The Wilshire 5000 Total Market IndexSM is widely accepted as the definitive benchmark for the U.S. equity market, and measures performance of all U.S. equity securities with readily available price data. Named for the nearly 5,000 stocks it contained at launch, it then grew to a high count of 7,562 on July 31, 1998. Since then, the count fell steadily to 3,776 as of December 31, 2013, where it has then bounced back to 3,818 as of September 30, 2014. The last time the Wilshire 5000 actually contained 5,000 or more companies was December 29, 2005.

The Wilshire 5000 base is its December 31, 1980 capitalization of $1,404.596 billion; therefore, the index can serve as an excellent approximation of dollar changes in the U.S. equity market in billions of dollars. For example, index values of 2157.146 on December 30, 1985 and 2164.690 on December 31, 1985 represent an approximate increase of $7.5 billion. Over time, the index and market value track away from this near one-to-one billion relationship because of additions and deletions to where the relationship as of December 2013 is a single point in the Wilshire 5000 represents about $1.15 billion in index market value.
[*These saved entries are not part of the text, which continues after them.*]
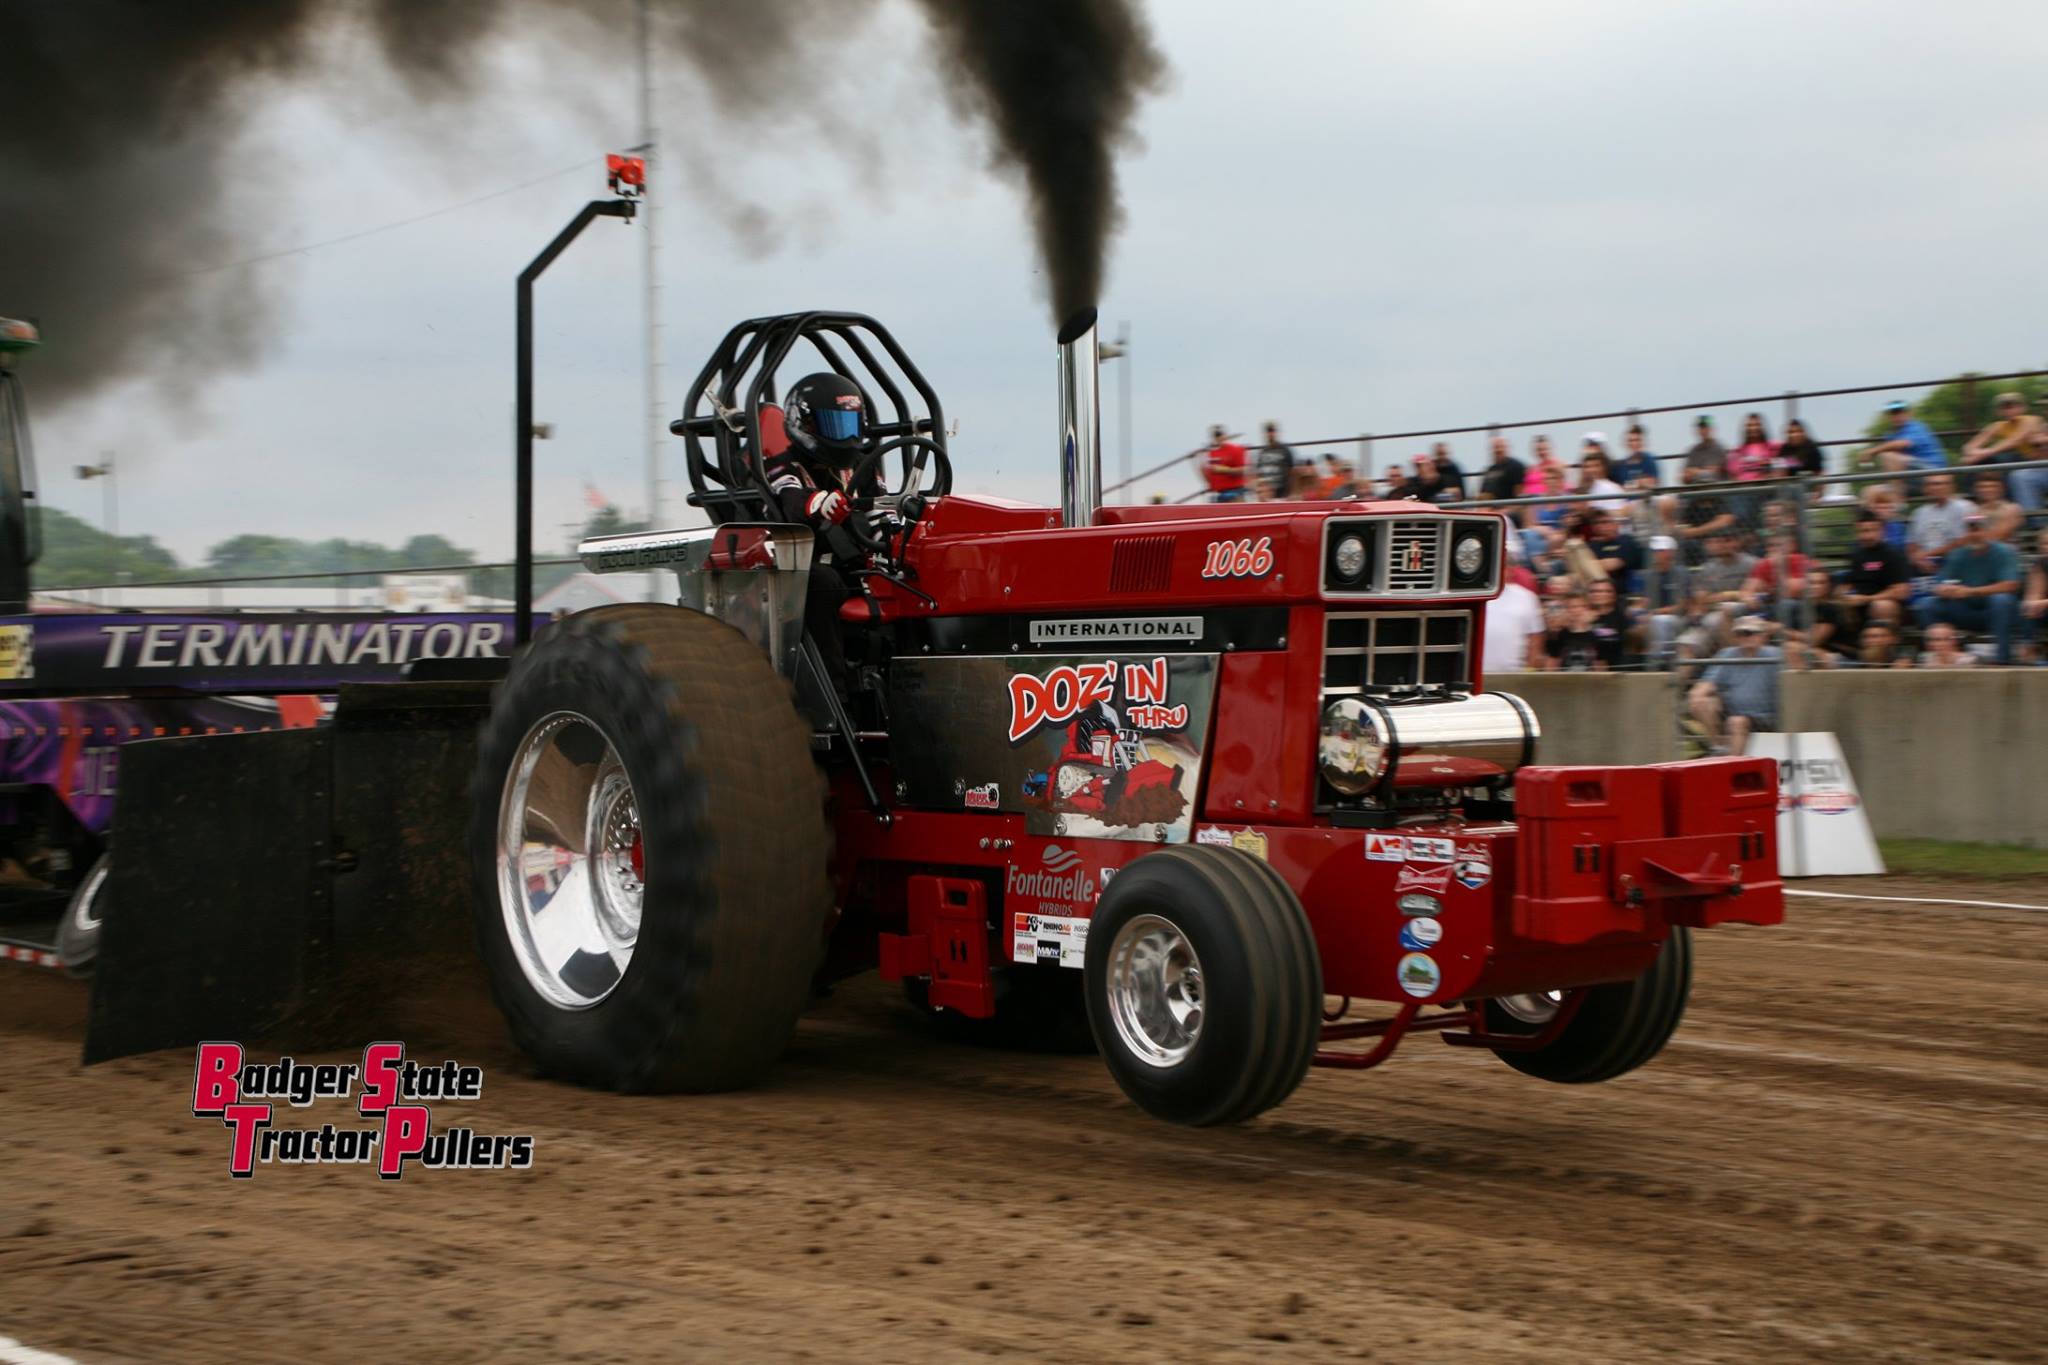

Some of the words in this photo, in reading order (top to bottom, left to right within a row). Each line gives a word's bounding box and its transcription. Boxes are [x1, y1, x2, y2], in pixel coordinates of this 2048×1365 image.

[1201, 536, 1273, 577] 1066
[1037, 622, 1195, 636] INTERNATIONAL
[101, 622, 503, 669] TERMINATOR
[1127, 704, 1188, 729] THRU
[1007, 865, 1094, 902] Fontanelle
[1039, 902, 1073, 916] HYBRIDS
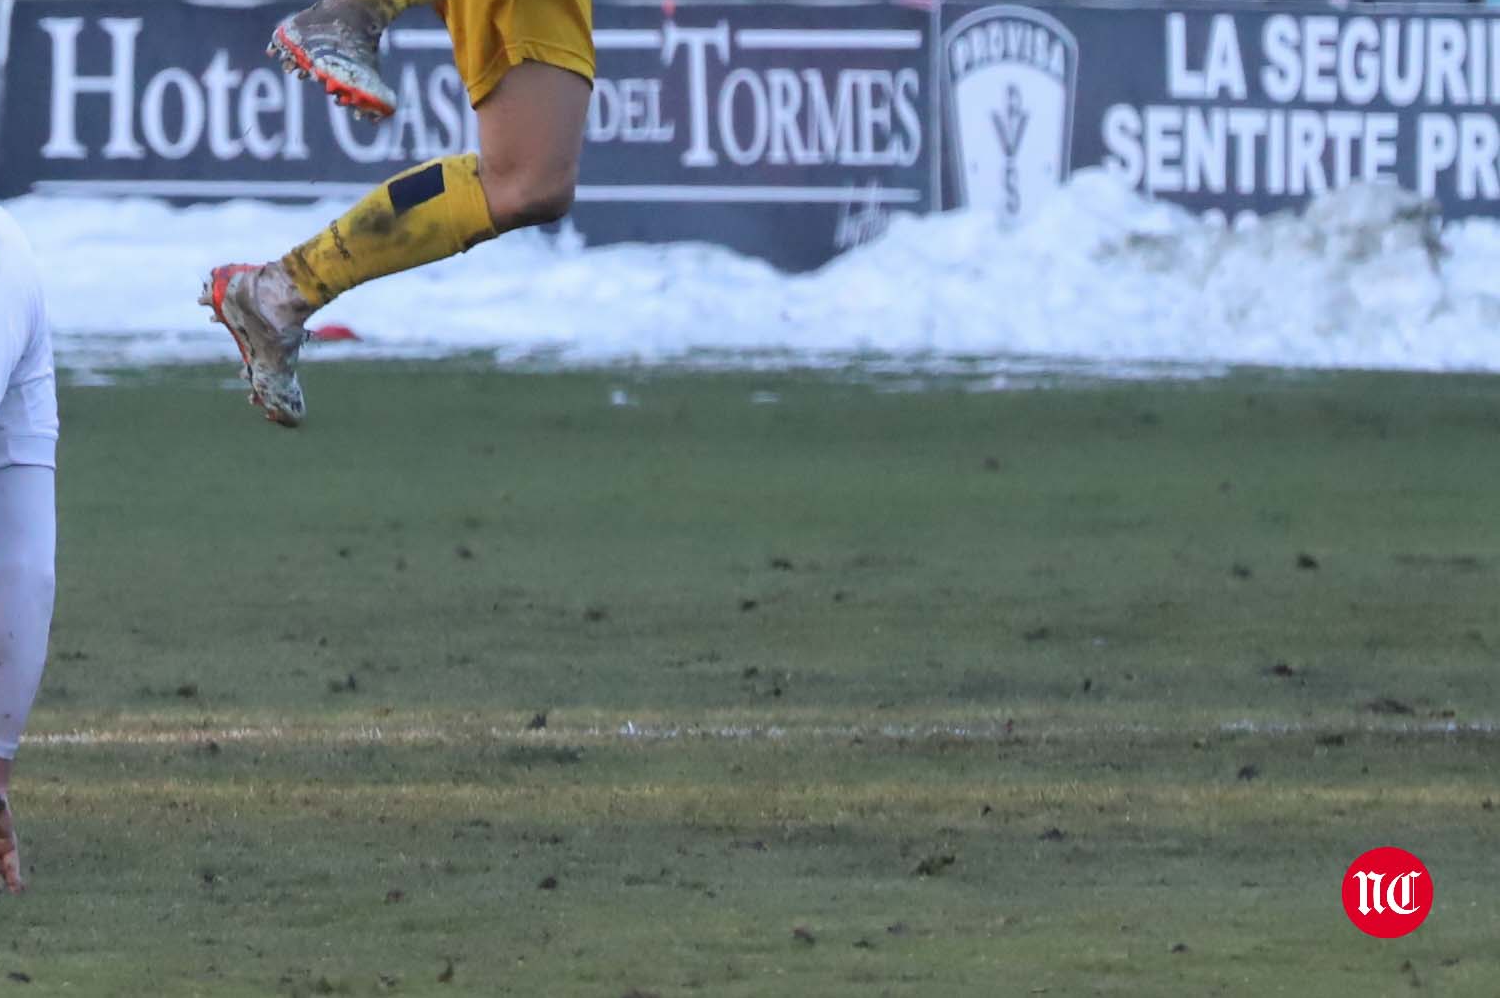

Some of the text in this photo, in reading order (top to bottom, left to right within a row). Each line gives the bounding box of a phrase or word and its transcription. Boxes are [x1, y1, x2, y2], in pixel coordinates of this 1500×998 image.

[38, 16, 310, 160] Hotel
[587, 77, 675, 143] DEL
[660, 19, 922, 168] TORMES
[1166, 11, 1248, 100] LA
[1102, 103, 1500, 200] SENTIRTE PR
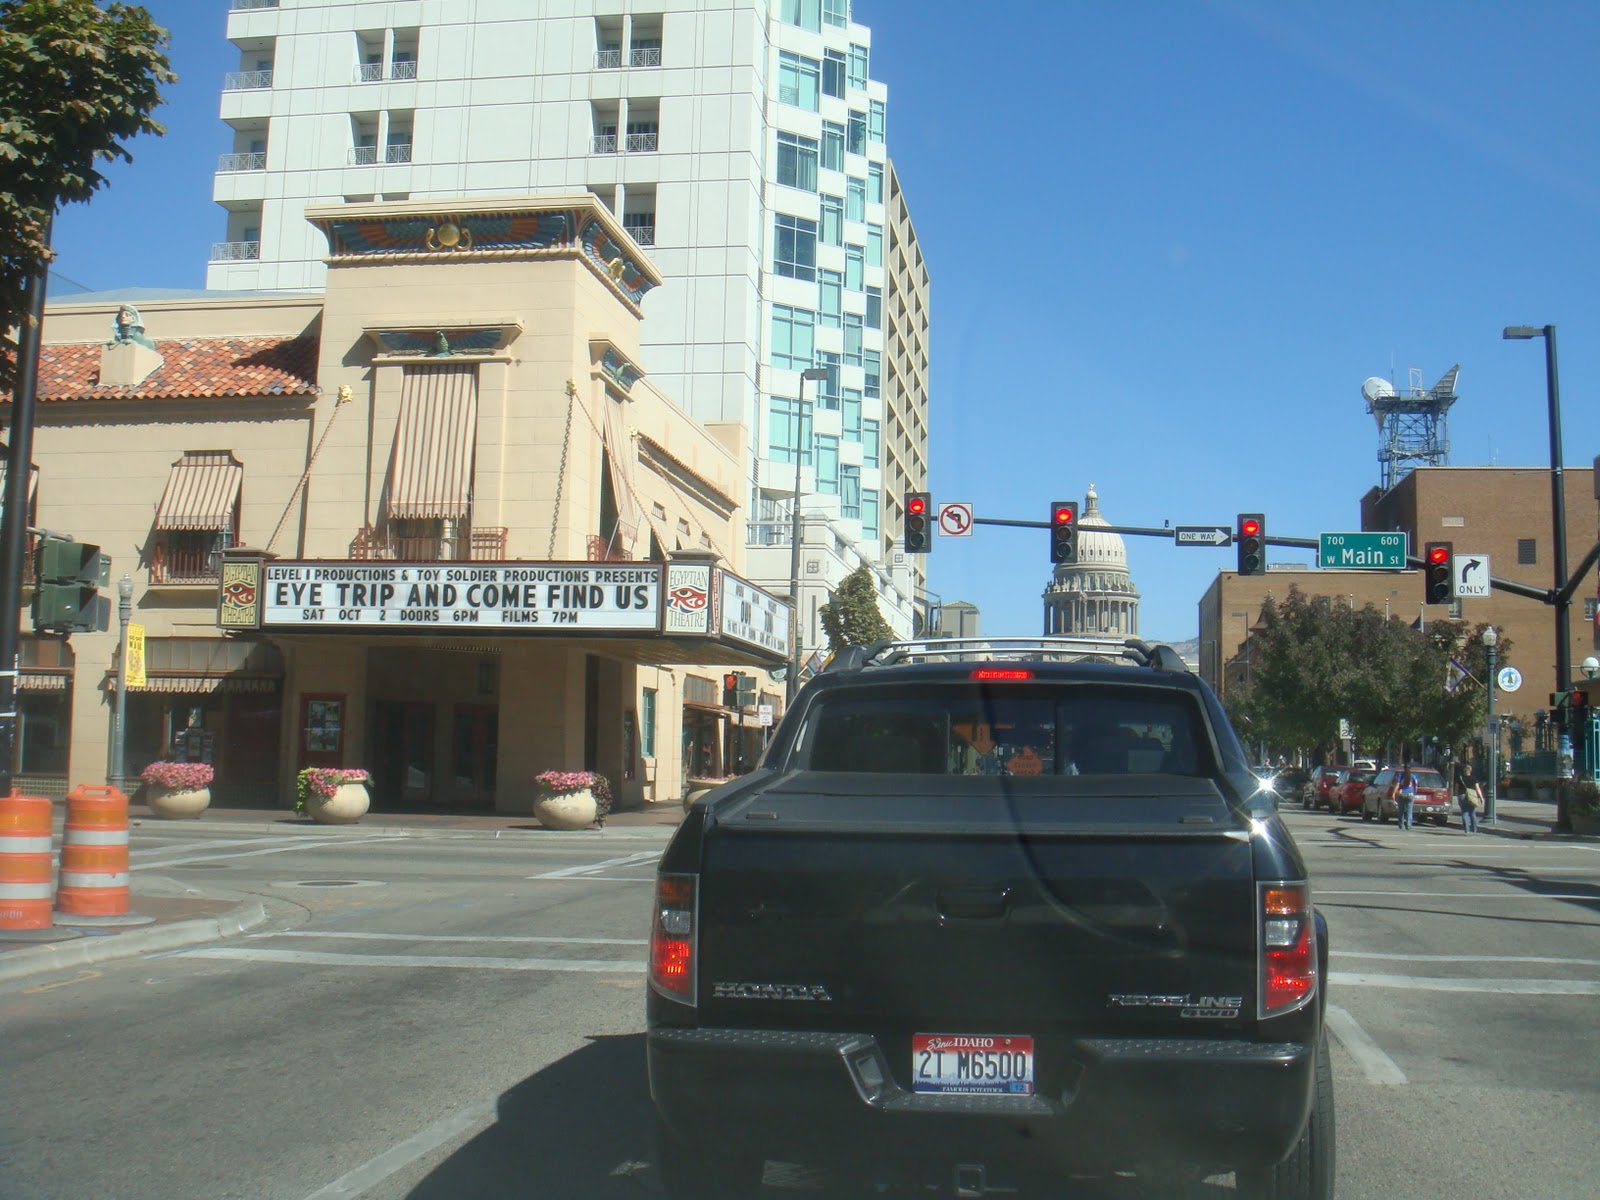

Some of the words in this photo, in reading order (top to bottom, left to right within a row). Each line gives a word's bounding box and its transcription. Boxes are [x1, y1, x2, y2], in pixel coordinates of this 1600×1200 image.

[1180, 532, 1196, 540] ONE
[1200, 533, 1216, 541] WAY
[1327, 536, 1345, 546] 700
[1380, 536, 1399, 546] 600
[1327, 555, 1335, 565] W
[1341, 547, 1383, 565] Main
[1389, 555, 1399, 565] St
[268, 568, 301, 580] LEVEL
[314, 569, 396, 581] PRODUCTIONS
[401, 569, 408, 580] &
[417, 569, 440, 581] TOY
[446, 569, 497, 582] SOLDIER
[504, 570, 590, 583] PRODUCTIONS
[595, 571, 659, 583] PRESENTS
[670, 570, 708, 588] EGYPTIAN
[276, 583, 322, 606] EYE
[336, 584, 394, 606] TRIP
[407, 584, 457, 607] AND
[466, 584, 536, 608] COME
[547, 585, 604, 609] FIND
[615, 586, 649, 609] US
[1459, 585, 1485, 594] ONLY
[303, 609, 325, 620] SAT
[339, 610, 361, 620] OCT
[379, 610, 386, 621] 2
[400, 610, 440, 622] DOORS
[453, 611, 479, 622] 6PM
[502, 611, 539, 623] FILMS
[552, 612, 578, 623] 7PM
[669, 610, 705, 628] THEATRE
[712, 982, 833, 1000] HONDA
[1182, 1009, 1238, 1018] 4WD
[954, 1038, 994, 1048] IDAHO
[919, 1050, 946, 1079] 2T
[957, 1050, 1027, 1081] M6500
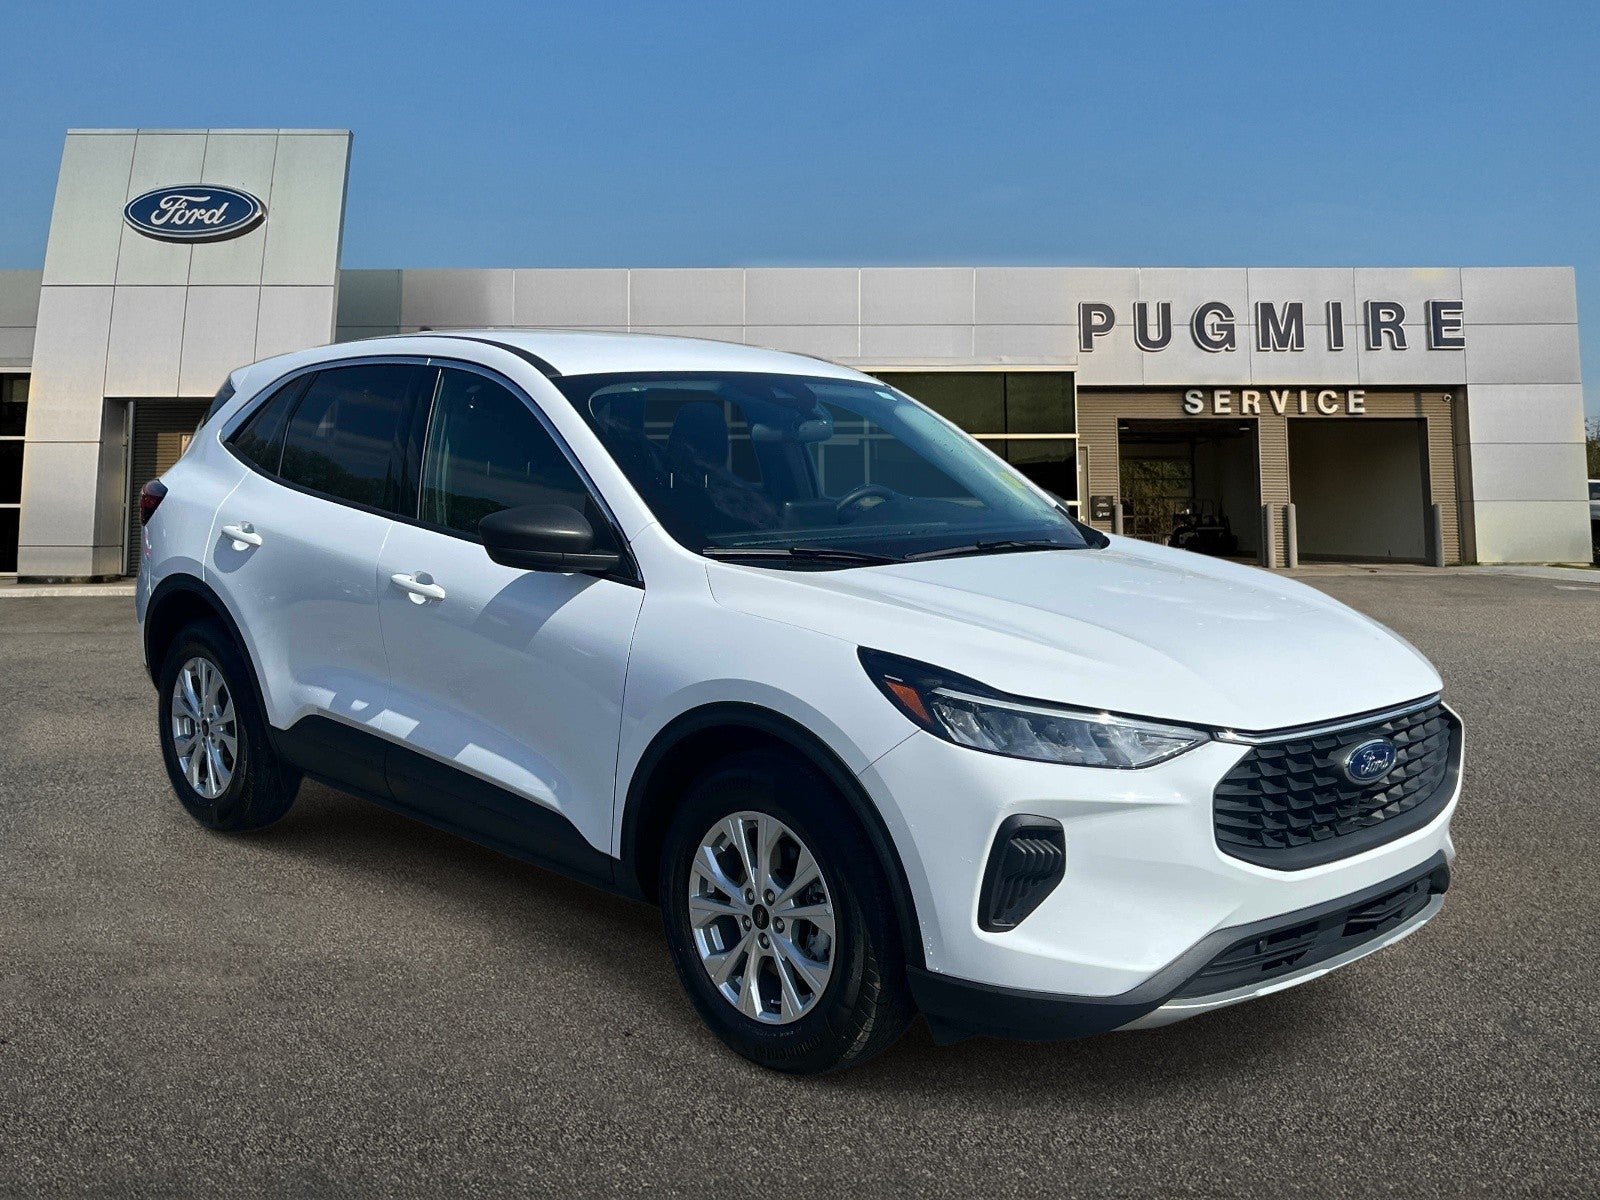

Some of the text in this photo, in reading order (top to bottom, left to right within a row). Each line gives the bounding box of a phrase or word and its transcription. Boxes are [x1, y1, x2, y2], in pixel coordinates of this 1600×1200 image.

[150, 195, 230, 225] Ford
[1078, 300, 1466, 353] PUGMIRE
[1184, 389, 1366, 415] SERVICE
[1360, 750, 1389, 776] Ford
Barron’s was first to publish the Wilshire 5000 Index on January 13, 1975. Now, the Wilshire 5000 is updated every second as part of the NASDAQ ticker feed.

Marketwatch did a fantastic job of overlaying the market cap vs number of stocks:

Size of US Stock marketAs the graph show there are significantly less public companies, as a whole, then in years past.  It should be noted that like most things in life the market cap is top heavy, such that, the top 500 (S&P 500) companies covers 80% of the total capitalization of the US stock market.

Why are the Amount of Public Companies Decreasing?

The author, Mark Hubert, offers some reasons as to he thinks the amount of public companies are decreasing,

  • The bursting of the Internet bubble is perhaps the most obvious, since many of the companies that went public during the go-go years of the late 1990s didn’t survive the ensuing bear market. By the end of 2002, for example, the Wilshire 5000’s membership count was 2,000 less than what it had been in mid-1998.
  • Mergers and acquisitions have also been a factor: M&A activity has been surging over the last several years, and in recent months reached all-time record levels.
  • Yet another cause is the smaller number of companies going public. During the 1990s, for example, according to data from University of Florida finance professor Jay Ritter, 4,361 companies came to market. During the aughts decade that followed, in contrast, just 1,009 did — less than a quarter as many. And in the current decade, even with a pickup in IPO activity in the last couple of years, the pace of companies going public is less than a third of what it was in the 1990s.

Respectfully, I think Mr. Hubert missed two reasons why there are less public companies:

  1. Public companies have a ton more compliance issues! To go public today is much harder and more expensive than it was 10 years ago, which was harder and more expensive than 10 years before that.
  2. SEC got a lot better at stopping pump and dump garbage penny stock fraud.  Are pump and dumps still around? I am sure of it, but I’d be willing to there are less schemes than 10 years ago.